The insula is a phylogenetically old, as well as cytoarchitectonically and functionally diverse area, integrating information from numerous distinct regions of the brain. Lesion studies [11, 14] and functional brain imaging  have suggested that the anterior insular cortex is involved in the control of swallowing. The anterior insula has been implicated in the processing of visceral sensation from the pharynx , esophagus and gastrointestinal tract , vibrotactile stimulation , gustation , olfaction , and emotions such as disgust . Other fMRI studies, however, reported swallow-related activation of the posterior insula , which is involved in autonomic regulation [18, 27], including heart rate and respiration. Consistent with this, a meta-analysis of swallow-related brain imaging implicated both the anterior and posterior insula in swallowing .
Notwithstanding the possibility that slow tumor growth may have engaged compensatory swallowing mechanisms , the present finding that electrical stimulation of the right inferior posterior insula disrupts rhythmic water swallowing provides further evidence that the posterior insular cortex is involved in the neural circuitry underlying the control of swallowing.
Our results are consistent with previous cortical stimulation studies of the posterior insular cortex which resulted in visceral sensations and interference with swallowing . Recently, detailed mapping of the insular cortex in epilepsy patients has been performed using electrical stimulation [30, 31]. In 50 patients, electrical stimulation of the anterior and posterior insular cortex elicited 125 clinical responses, 22% of which involved a viscerosensory effect.
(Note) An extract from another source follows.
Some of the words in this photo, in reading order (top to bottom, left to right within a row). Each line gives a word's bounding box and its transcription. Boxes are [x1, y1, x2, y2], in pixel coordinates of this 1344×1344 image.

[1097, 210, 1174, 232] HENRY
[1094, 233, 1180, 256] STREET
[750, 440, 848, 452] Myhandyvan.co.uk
Half of these viscerosensory responses consisted of sensations of unpleasant laryngo-pharyngeal constriction . In one patient, spontaneous seizures originated from the right anterior insular cortex and quickly propagated to the right posterior insular cortex ; these seizures began with strong laryngeal discomfort and an unpleasant sensation of constriction, similar to the viscerosensory sensations elicited by electrical stimulation . Another insular mapping study, again using electrical stimulation in epilepsy patients, reported that insular stimulation evoked sensations of a pharyngeal constriction and a sensation of swallowing associated with mastication .
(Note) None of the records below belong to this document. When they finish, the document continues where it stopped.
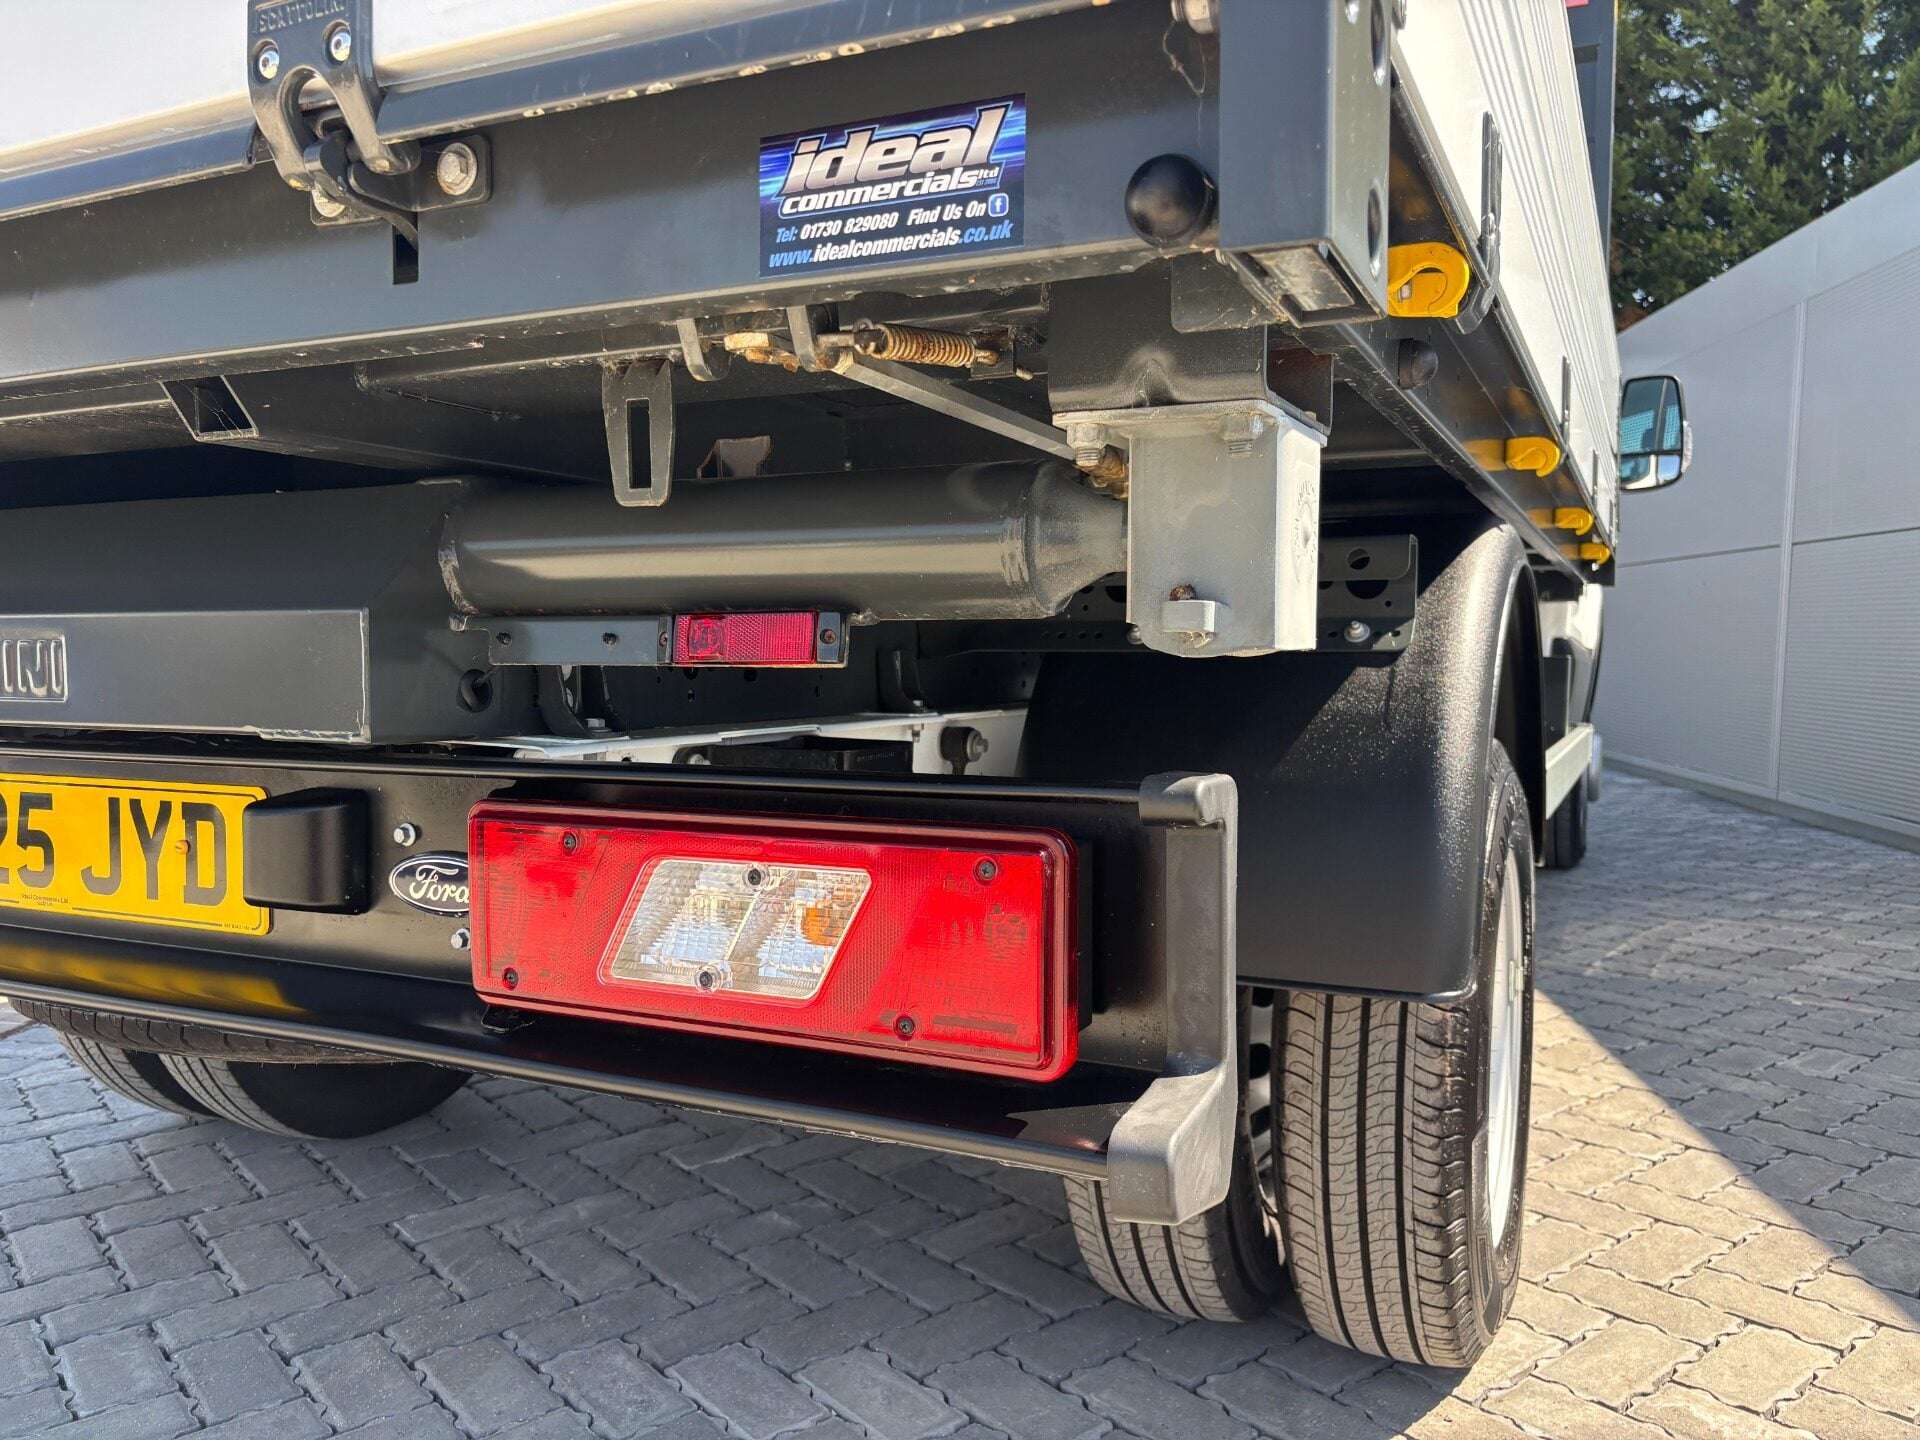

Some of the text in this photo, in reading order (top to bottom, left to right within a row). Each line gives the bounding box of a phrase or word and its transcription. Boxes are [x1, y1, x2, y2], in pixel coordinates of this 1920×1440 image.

[780, 103, 1011, 195] ideal
[781, 166, 1000, 215] commercials ltd
[768, 219, 1014, 268] www.idealcommercials.co.uk
[775, 227, 799, 244] Tel:
[800, 220, 842, 240] 01730
[844, 212, 899, 235] 829080
[907, 205, 941, 226] Find
[942, 203, 963, 221] Us
[965, 200, 987, 218] On
[0, 791, 228, 906] 5 JYD
The strong representation of viscerosensory afferents in the insular cortex, as indicated by electrophysiological recordings  and functional neuroimaging data , as well as the importance of upper airway sensory input for the control of swallowing , raises the possibility that the disruption of water swallowing observed in our patient may have been related to oropharyngeal-laryngeal sensory alterations, such as discomfort or constriction, elicited by the electrical stimulation. Although our patient did not report isolated upper airway sensations during the stimulation protocol, it is conceivable that disruption of oropharyngeal-laryngeal sensory processing may have interfered with normal water swallowing and created the impression of "stuttered swallowing". Alternatively, disruption of water swallowing in the present case may have occurred due to an effect of insular stimulation on swallowing motor execution. Further studies are required to elucidate the mechanisms underlying the swallowing phenomena documented in this clinical case.
Written consent for publication was obtained from the patient.